As it turned out, other researchers had been on a similar epigenetic quest. A week after Heintz and Kriaucionis submitted their paper to Science, a group led by Harvard Medical School scientist Anjana Rao submitted their own closely related finding. Hydroxymethylcytosine, they reported, is present in mouse embryonic stem cells and is converted from mC by an enzyme found in humans as well as mice. “Her discovery of an enzyme that actually does this hydroxylation is critically important, for it tells us that there's a dedicated biochemical mechanism for producing this modification,” Heintz says.
The two papers appeared together in Science on May 15, 2009, and both labs are now trying to understand hmC's functions in different cell types.

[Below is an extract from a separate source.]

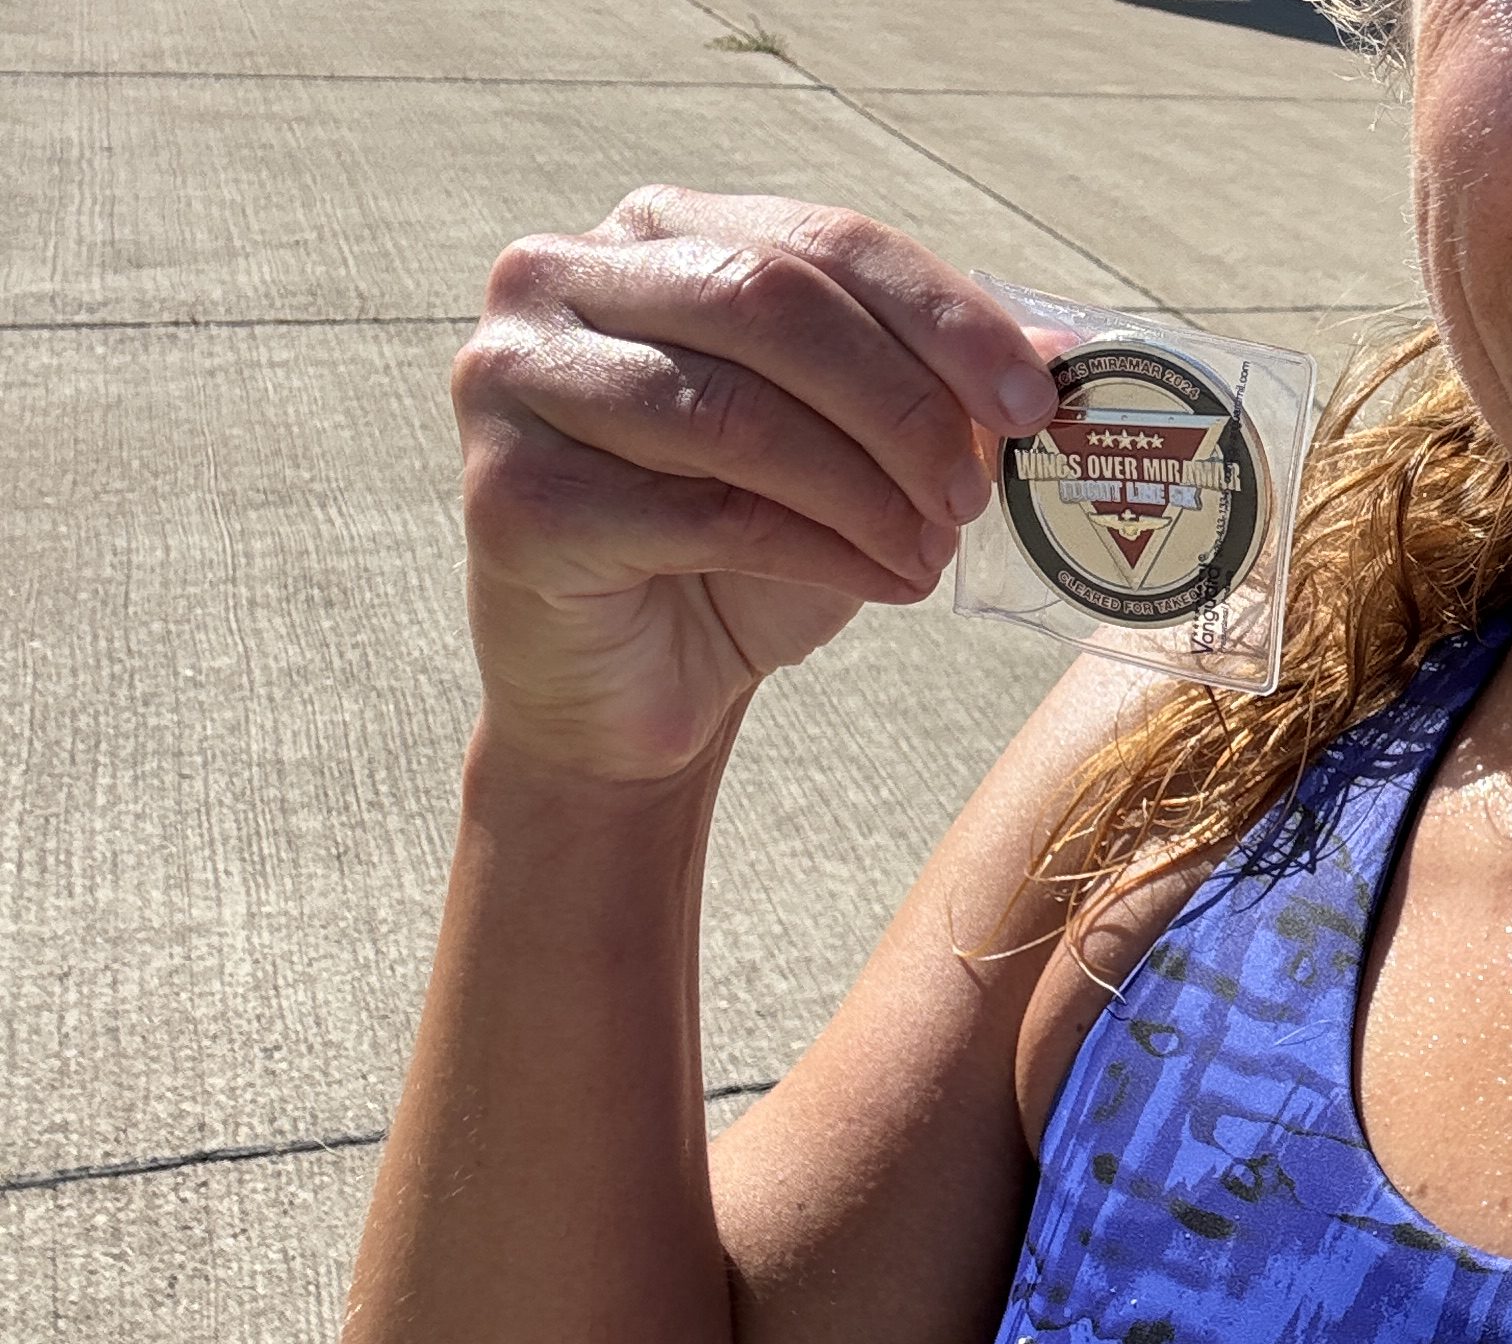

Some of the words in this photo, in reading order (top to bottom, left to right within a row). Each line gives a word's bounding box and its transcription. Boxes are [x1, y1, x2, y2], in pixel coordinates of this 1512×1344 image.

Some evidence already suggests that hmC can reverse mC's usual gene-silencing function, although Heintz thinks it could have other, more interesting epigenetic roles. To help clear up the mystery, he and Kriaucionis are first trying to map hmC's distribution in the DNA of various cell types—a goal complicated by the lack of a high-resolution method that can separate hmC from mC. “It is critical to develop a new chemical strategy to allow us to precisely map the locations of both of these marks in the genome,” says Heintz. The two researchers also have begun collaborating with Rao's group to manipulate hmC levels in different types of mouse neurons to see how it affects their gene expression.
The apparent significance of hmC has drawn keen interest from other researchers, too. Based on queries she's had from other scientists, Rao says “at least fifty other labs are interested in this now.”